**Dataset excerpts:**
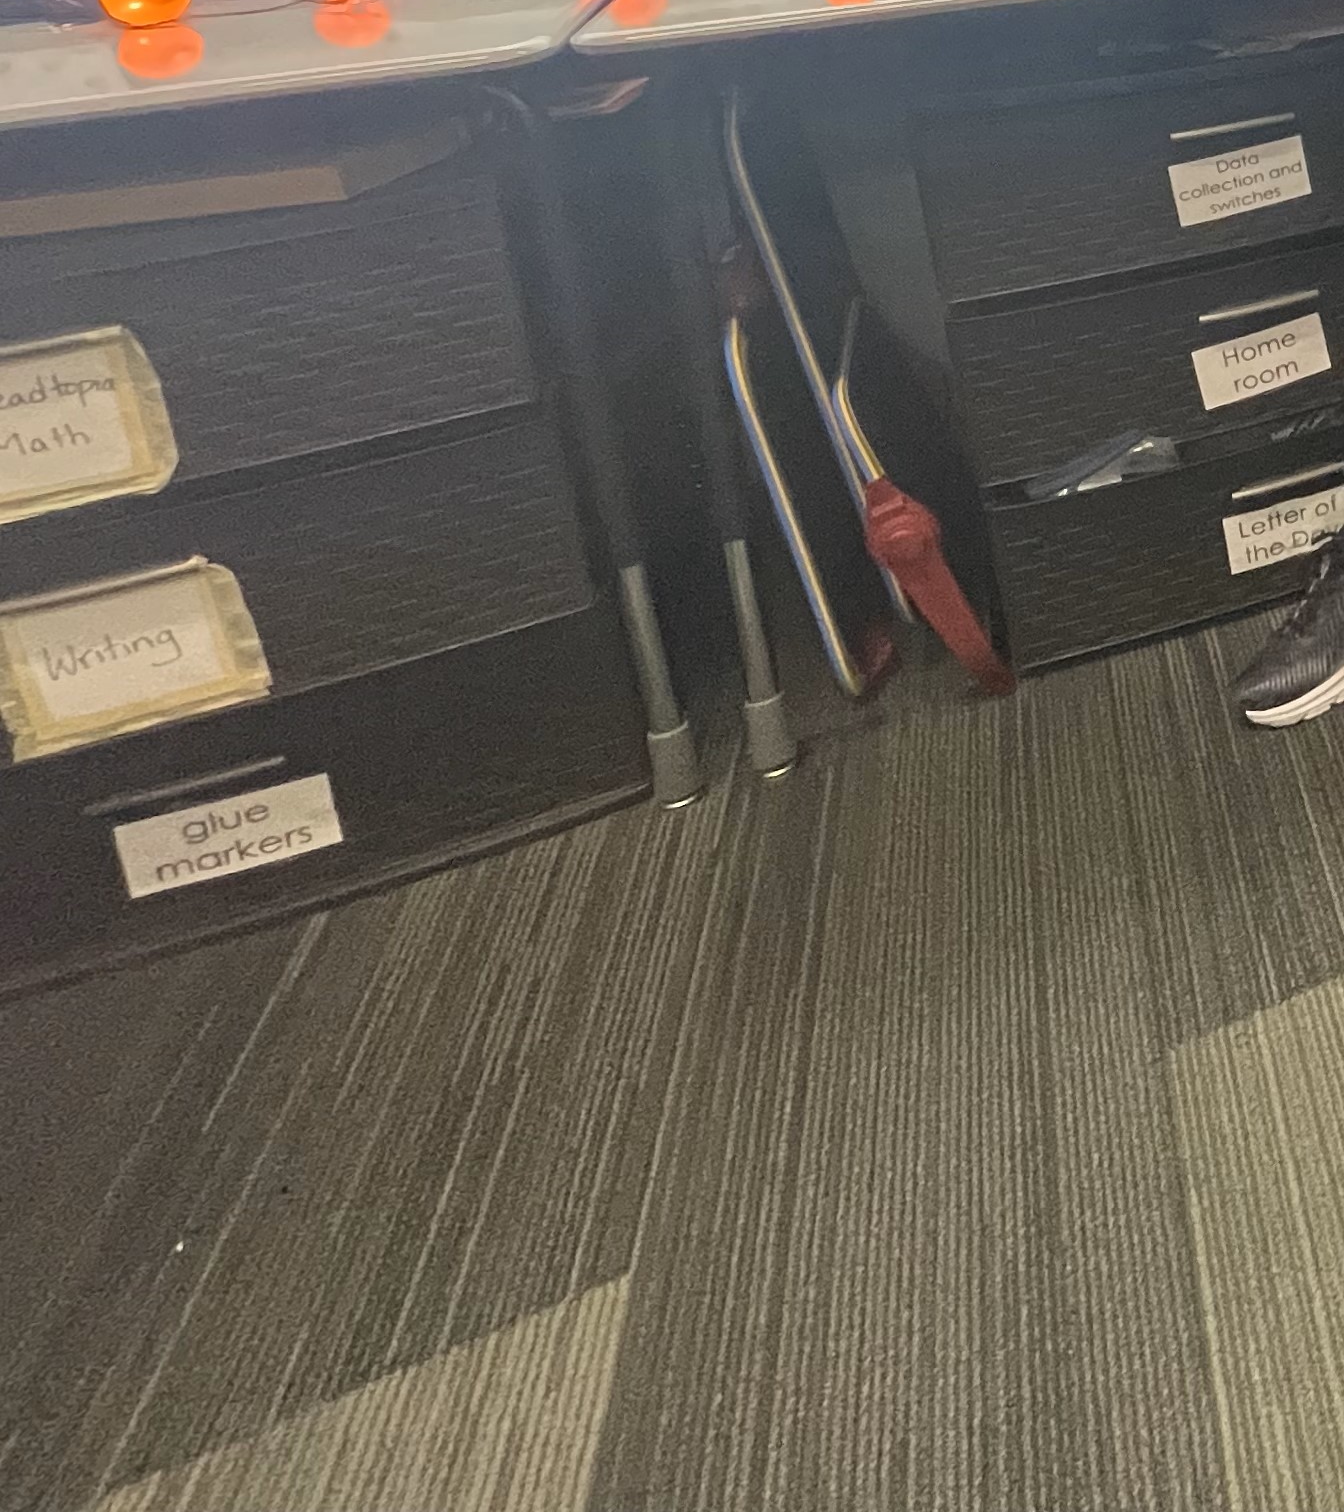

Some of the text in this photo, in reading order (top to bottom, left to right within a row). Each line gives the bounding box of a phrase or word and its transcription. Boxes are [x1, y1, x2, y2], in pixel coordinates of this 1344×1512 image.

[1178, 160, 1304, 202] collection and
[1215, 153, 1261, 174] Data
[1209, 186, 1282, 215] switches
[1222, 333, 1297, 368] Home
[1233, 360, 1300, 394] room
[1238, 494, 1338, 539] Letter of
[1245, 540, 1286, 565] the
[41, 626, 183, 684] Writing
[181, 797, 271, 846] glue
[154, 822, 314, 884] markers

**WHAT THE TASK REQUIRES:**
Keep the pictures out while you retype all of the data above exactly as it appears.

**EXERCISE OUTPUT:**
Some of the text in this photo, in reading order (top to bottom, left to right within a row). Each line gives the bounding box of a phrase or word and its transcription. Boxes are [x1, y1, x2, y2], in pixel coordinates of this 1344×1512 image.

[1178, 160, 1304, 202] collection and
[1215, 153, 1261, 174] Data
[1209, 186, 1282, 215] switches
[1222, 333, 1297, 368] Home
[1233, 360, 1300, 394] room
[1238, 494, 1338, 539] Letter of
[1245, 540, 1286, 565] the
[41, 626, 183, 684] Writing
[181, 797, 271, 846] glue
[154, 822, 314, 884] markers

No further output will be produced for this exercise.